Image of transparent glass of RPC building.

11 pipers piping: How does MEES differ in Scotland?

15 December 2017

It's day eleven of our festive blog series: The origins of the piping pipers may not be firmly rooted in Scotland, but they brought to our minds thoughts of bagpipes, and other things that are found north of the border. The Scottish were first to implement their energy efficiency regulations but now the English and Welsh are not far behind, with MEES coming into force early next year: what will the differences between the systems be?

Since 1 September 2016, property owners in Scotland have been required by the "Action on Carbon and Energy Performance" ("ACEP") to adhere to energy efficiency measures when they sell or lease properties. Similar, although not the same, rules under the "Minimum Energy Efficiency Standards" ("MEES") will come into force in England and Wales on 1 April 2018.

The crux of the MEES regulations is that from April next year, all privately rented properties in England and Wales will be required to have an Energy Performance Certificate rating of E or above before a new lease can be issued.

The Scottish regime is quite different to that of the English and Welsh in that compliance in Scotland affects both the leasing and sale of properties: the MEES regulations will only effect let buildings (both commercial and domestic).

Common to both regimes is the identification of improvements through action plans in Scotland and recommendation reports in England.

The implementation of MEES will mean that:

  • Rent reviews for poorly rated properties will be affected
  • Poorly rated properties will not be allowed to be marketed unless they are upgraded
  • Properties with a poor rating will have a lower value as a result of their impeded marketability

In Scotland the requirement to carry out improvements can be delayed indefinitely as long as there is a valid Display Energy Certificate visible.

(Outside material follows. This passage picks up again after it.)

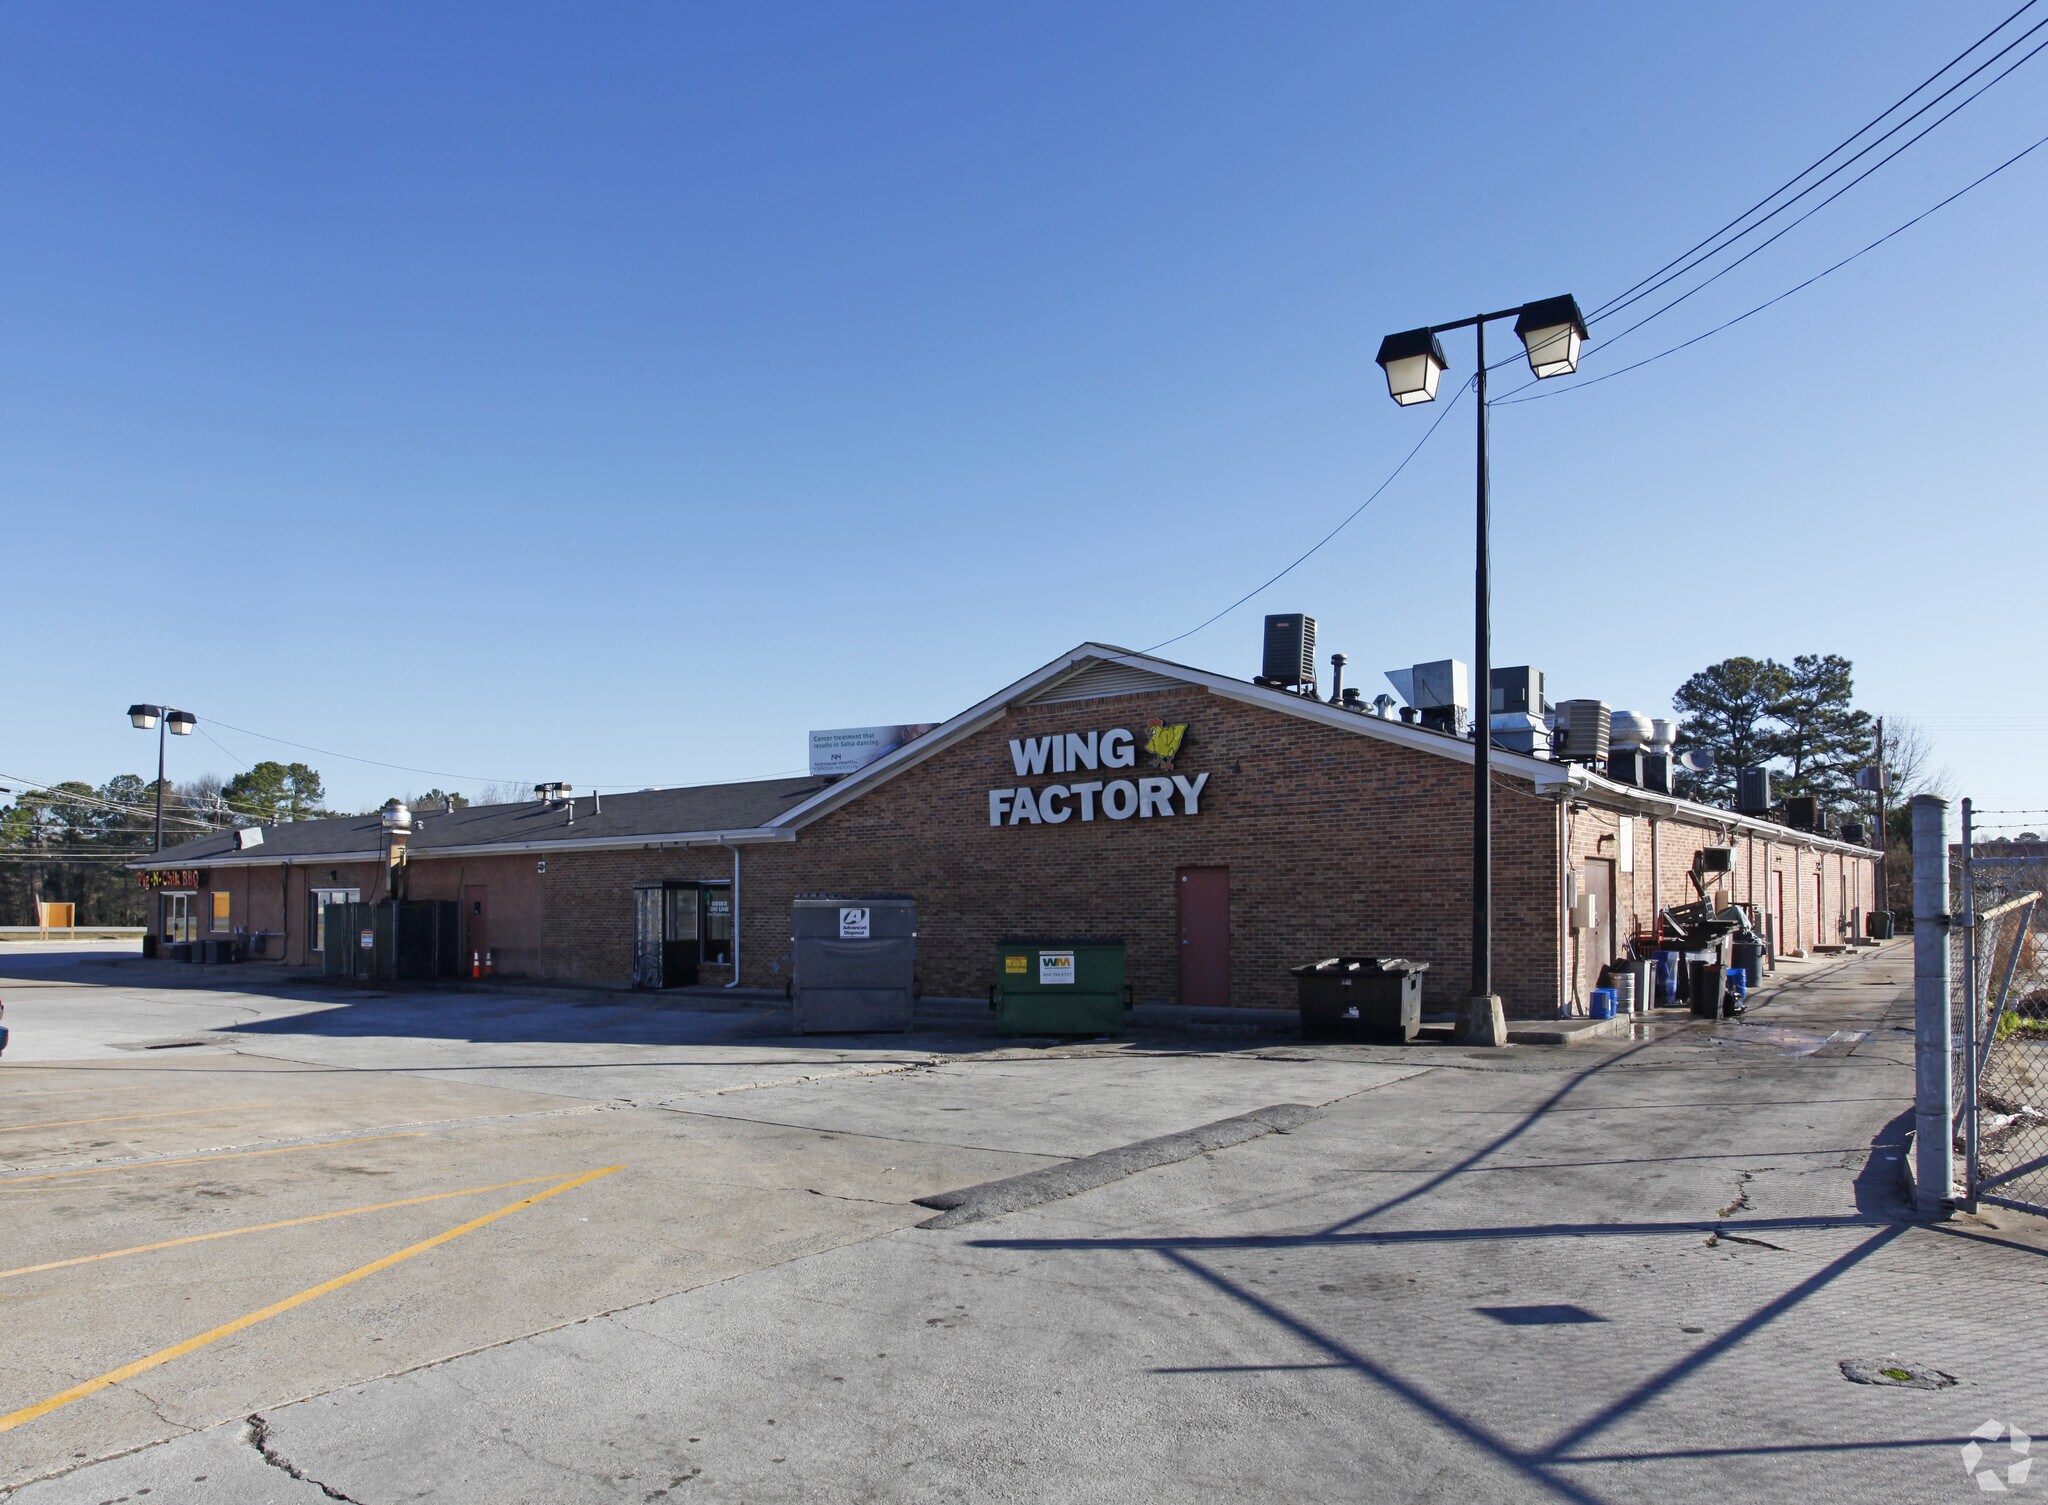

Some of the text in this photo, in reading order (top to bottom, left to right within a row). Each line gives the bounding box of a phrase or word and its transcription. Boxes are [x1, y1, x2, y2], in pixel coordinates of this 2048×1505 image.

[1009, 728, 1135, 776] WING
[988, 772, 1210, 827] FACTORY
[181, 869, 199, 889] BBQ
[1043, 958, 1071, 966] WM

As a result, buildings that are poorly performing will not become sustainably obsolete as is the case in England.

This could mean that owners north of the boarder are not as incentivised to invest in improvement works as those to the south.

However, many would say that the real incentive to improve energy efficiency has already been wide spread in the market place for a number of years, with tenants and prospective purchasers prepared to pay a premium for refurbished properties which embrace the latest technology and reluctant to take on those properties which are expensive to run because of old and inefficient systems.